== Segment start ==
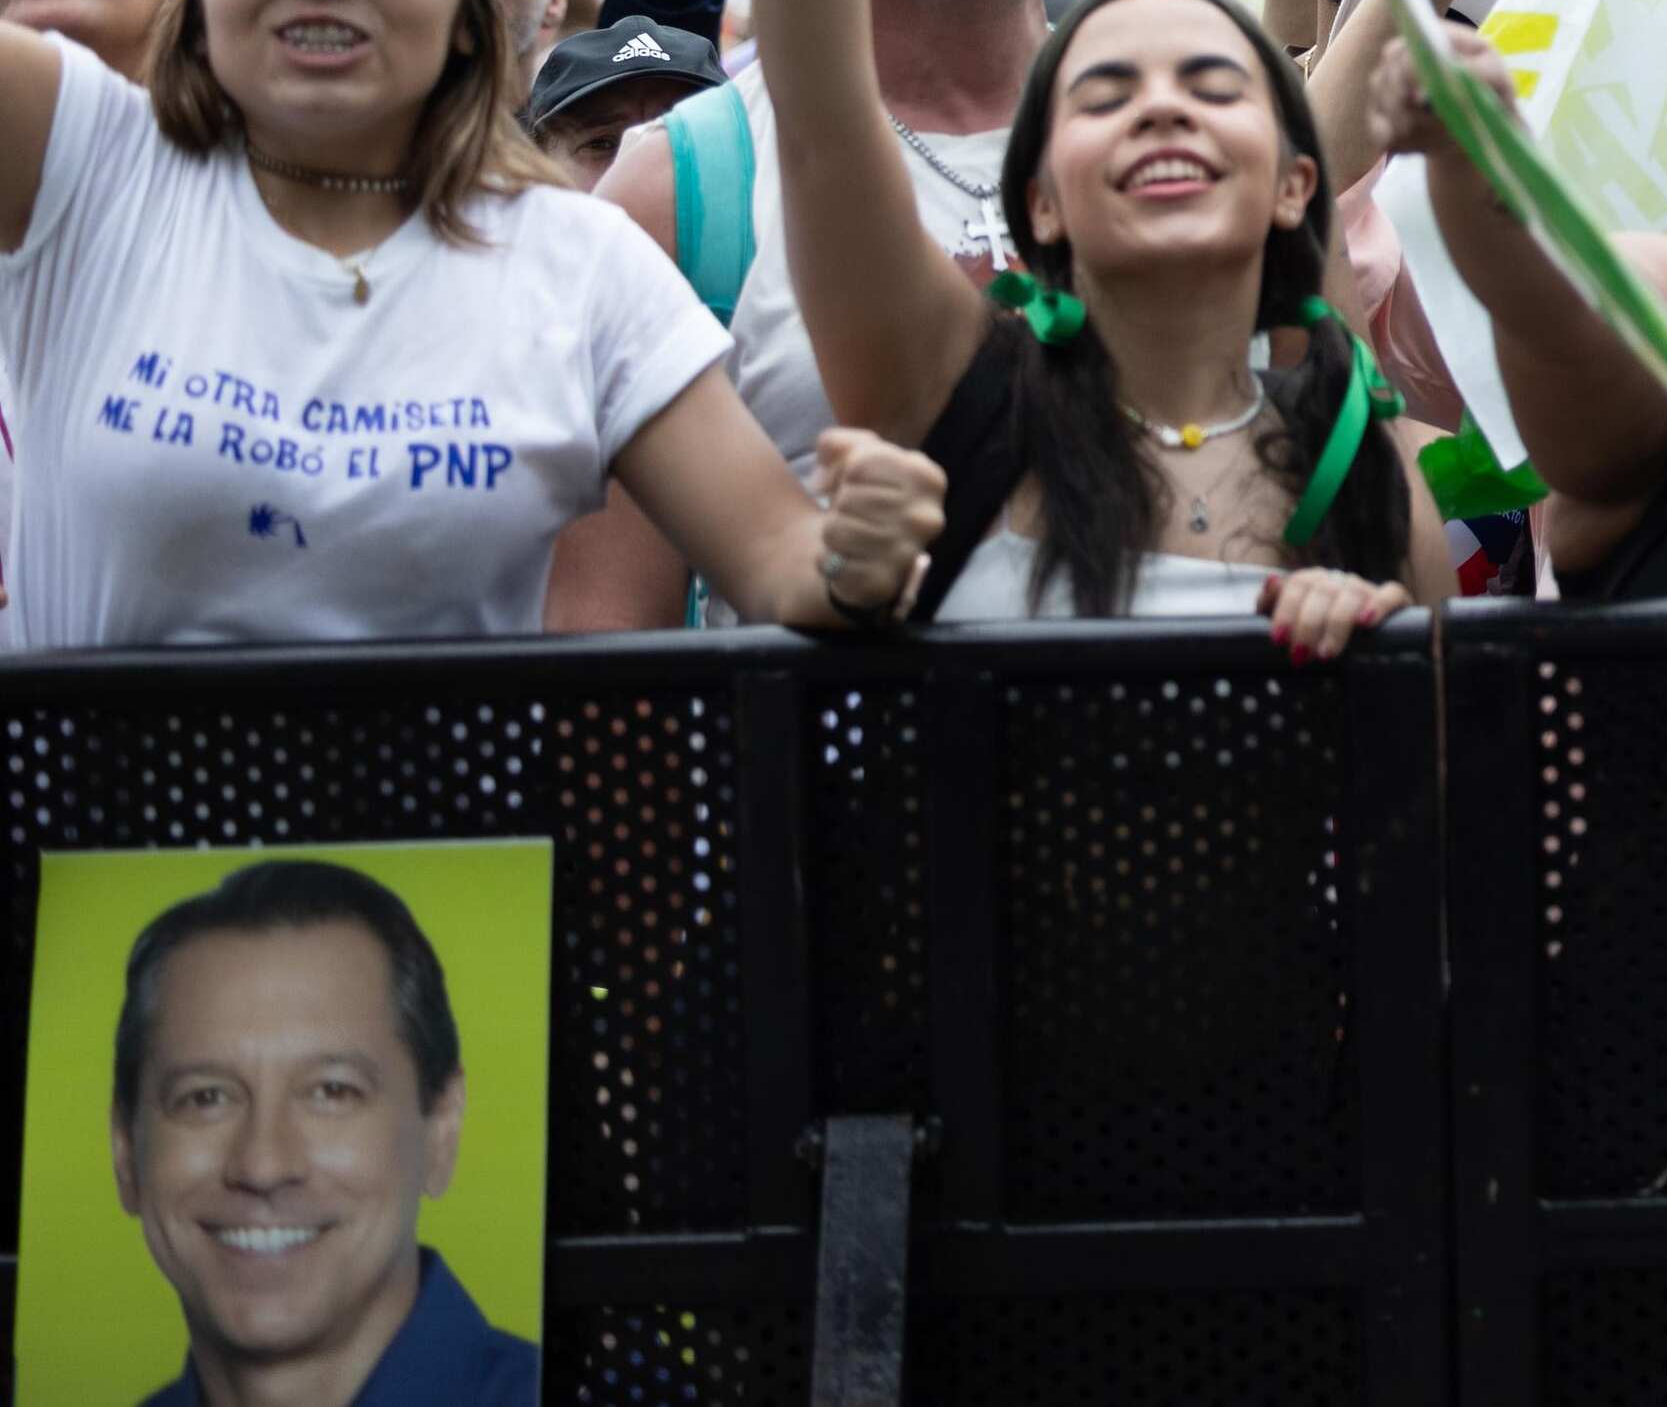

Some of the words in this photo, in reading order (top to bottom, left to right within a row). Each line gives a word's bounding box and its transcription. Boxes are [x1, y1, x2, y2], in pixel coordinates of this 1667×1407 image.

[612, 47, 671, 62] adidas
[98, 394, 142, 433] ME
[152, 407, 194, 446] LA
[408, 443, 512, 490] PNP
== Segment end ==
▸ WORK REQUEST: Images do not belong in the copy; reproduce all other parts of the records above verbatim.

▸ YOUR SOLUTION:
Some of the words in this photo, in reading order (top to bottom, left to right within a row). Each line gives a word's bounding box and its transcription. Boxes are [x1, y1, x2, y2], in pixel coordinates of this 1667×1407 image.

[612, 47, 671, 62] adidas
[98, 394, 142, 433] ME
[152, 407, 194, 446] LA
[408, 443, 512, 490] PNP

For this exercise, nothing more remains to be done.